Der Verwaltungsgerichtshof hat durch den Vorsitzenden Senatspräsident Dr. Fuchs und die Hofräte Dr. Nowakowski, MMag. Maislinger und Mag. Novak sowie die Hofrätin Dr. Reinbacher als Richter, im Beisein des Schriftführers Mag. Wimberger, über die Beschwerde des Finanzamtes Wien 8/16/17 in 1030 Wien, Marxergasse 4, gegen den Bescheid des unabhängigen Finanzsenates, Außenstelle Wien, vom , Zl. RV/3392-W/07, betreffend Einkommensteuer 2003 (mitbeteiligte Partei: Dkfm. Dr. S in W), zu Recht erkannt:

Spruch

Der angefochtene Bescheid wird wegen Rechtswidrigkeit seines Inhaltes aufgehoben.

Begründung

1 Der Mitbeteiligte, ein Wirtschaftsprüfer und Steuerberater, erzielte im Streitjahr 2003 u.a. Einkünfte aus der Tilgung eines im Jahr 1997 gezeichneten Wertpapiers (einer im Privatvermögen gehaltenen Index-Anleihe), von denen die Bank Kapitalertragsteuer abzog.

2 In seiner Einkommensteuererklärung machte der Mitbeteiligte geltend, dieser Abzug sei im Hinblick auf § 124b Z 85 EStG 1988 zu Unrecht erfolgt, denn es sei "keine höhere Kapitalrückzahlung als die geleisteten Anschaffungskosten garantiert" gewesen.

3 Das Finanzamt folgte dieser Ansicht nicht und führte dazu in einer teilweise stattgebenden Berufungsvorentscheidung über die vom Mitbeteiligten erhobene Berufung gegen den Einkommensteuerbescheid aus, nach den vom Mitbeteiligten vorgelegten Bedingungen sei ein "garantierter Mindestrückzahlungsbetrag von 118 % des Nominales" vereinbart gewesen. Die vom Mitbeteiligten in Anspruch genommene Bestimmung setze allerdings voraus, dass rechtlich oder faktisch eine Kapitalrückzahlung von nicht mehr als 20 % des bei der Begebung eingesetzten Kapitals garantiert werde.

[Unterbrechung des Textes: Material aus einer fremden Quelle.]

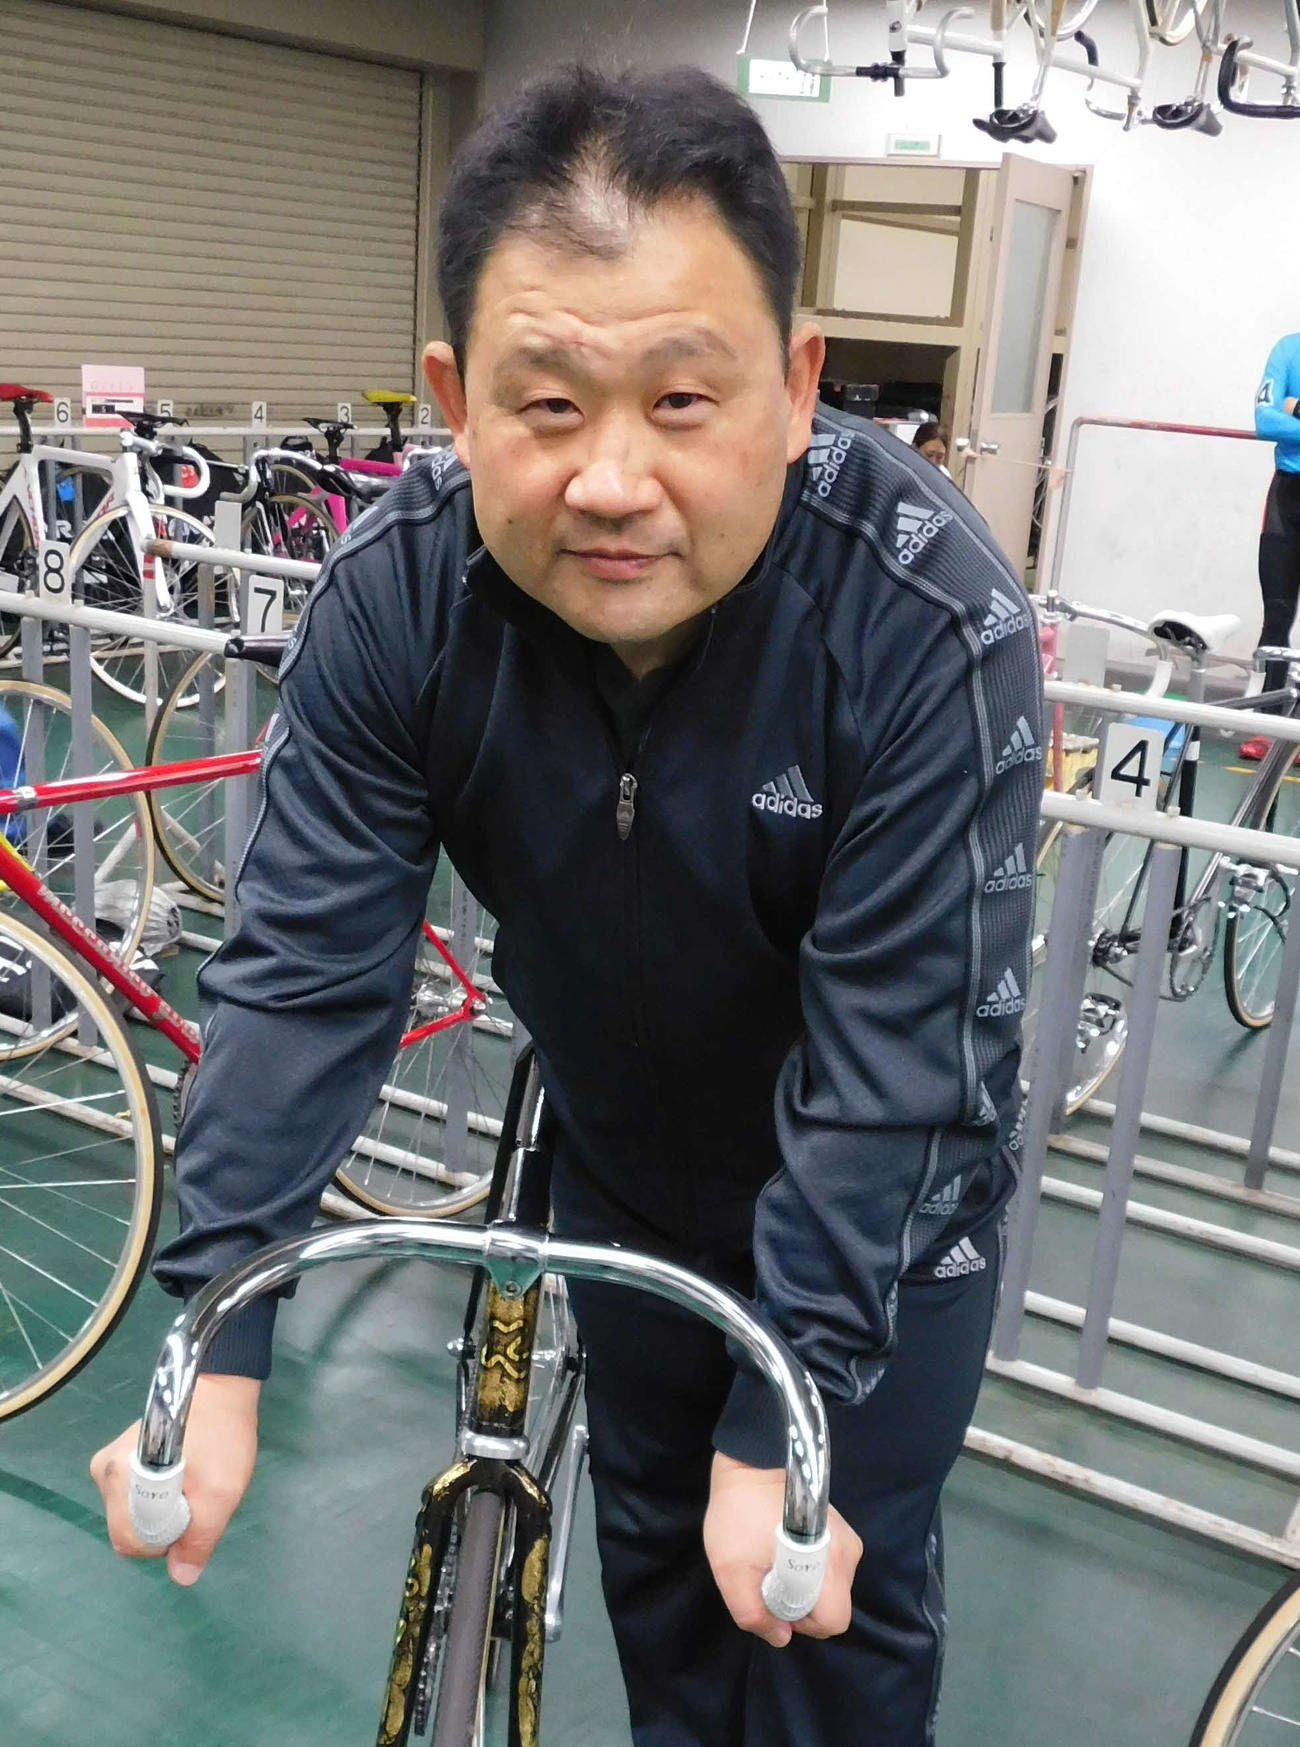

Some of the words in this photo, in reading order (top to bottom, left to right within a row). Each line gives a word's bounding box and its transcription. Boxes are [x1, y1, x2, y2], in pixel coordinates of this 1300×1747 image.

[56, 401, 69, 423] 6
[160, 403, 171, 418] 5
[254, 404, 265, 422] 4
[340, 406, 350, 422] 3
[420, 407, 429, 424] 2
[898, 510, 954, 565] adidas
[43, 549, 65, 594] 8
[253, 586, 277, 633] 7
[995, 742, 1043, 776] adidas
[1110, 739, 1152, 798] 4
[751, 792, 824, 820] adidas
[984, 872, 1033, 894] adidas
[976, 996, 1026, 1019] adidas
[933, 1255, 987, 1280] adidas

4 In seinem Vorlageantrag hielt der Mitbeteiligte dem entgegen, die Voraussetzungen der erwähnten Bestimmung seien erfüllt, "da lediglich ein Mindestrückzahlungsbetrag von 118 % garantiert wird (somit weniger als 20 % Wertsteigerung)".

5 Mit dem angefochtenen Bescheid schloss sich die belangte Behörde dieser Rechtsmeinung an.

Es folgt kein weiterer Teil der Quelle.